Each community school-based survey employed a two-stage cluster sample design to produce a representative sample of public school students in grades 9--12 in its program intervention area.* In the first sampling stage, all schools with any students in grades 9--12 were selected in 14 communities; in one community, schools with any students in grades 9--12 were selected with probability proportional to school enrollment size. In the second sampling stage, intact classes from either a required subject (e.g., English or social studies) or a required period (e.g., homeroom or second period) were selected randomly, and all students in selected classes were eligible to participate. Community surveys that had a scientifically selected sample of students, appropriate documentation, and an overall response rate of >60% were weighted. A weight was applied to each record to adjust for student nonresponse and the distribution of students by grade, sex, and race/ethnicity in each jurisdiction. Therefore, weighted estimates are representative of all students in grades 9--12 attending public schools in each Steps community.

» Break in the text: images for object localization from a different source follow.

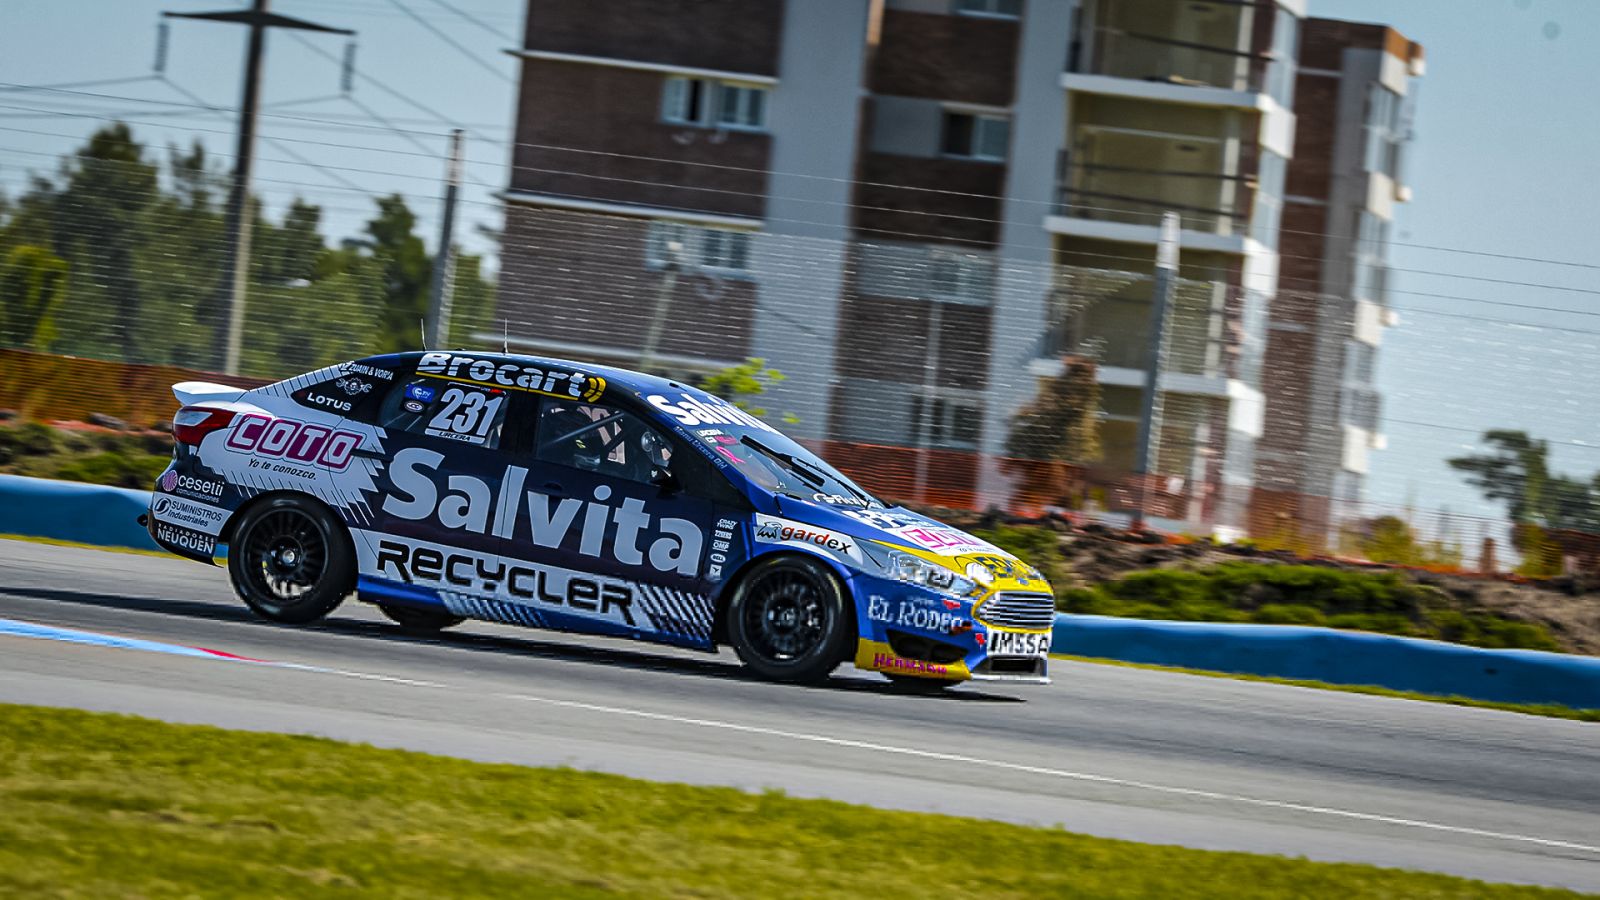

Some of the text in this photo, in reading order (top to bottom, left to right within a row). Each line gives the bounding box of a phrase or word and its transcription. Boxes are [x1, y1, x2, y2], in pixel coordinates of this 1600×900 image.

[417, 353, 586, 397] Brocart
[307, 392, 352, 411] LOTUS
[428, 388, 504, 436] 231
[226, 413, 364, 470] COTO
[248, 458, 256, 467] Yo
[261, 461, 270, 470] te
[172, 501, 223, 521] SUMINISTROS
[382, 447, 703, 576] Salvita
[157, 528, 214, 554] NEUQUEN
[780, 526, 852, 555] gardex

In 2005, a total of 15 communities had weighted data and granted permission to include their data in this report. Student sample sizes ranged from 836 to 1,661 (Table 1). School response rates ranged from 80% to 100%; student response rates ranged from 61% to 86%; and overall response rates, calculated by multiplying the school response rate by the student response rate, ranged from 60% to 86%.

Eleven of the 15 communities for which results are provided in this report are small cities or rural communities, and four are large cities or urban communities. Race/ethnic distributions of students varied across communities (Table 1). In five communities, >80% of students are non-Hispanic white, in four communities, >50% of students are Hispanic, and in two communities, >50% of students are non-Hispanic black.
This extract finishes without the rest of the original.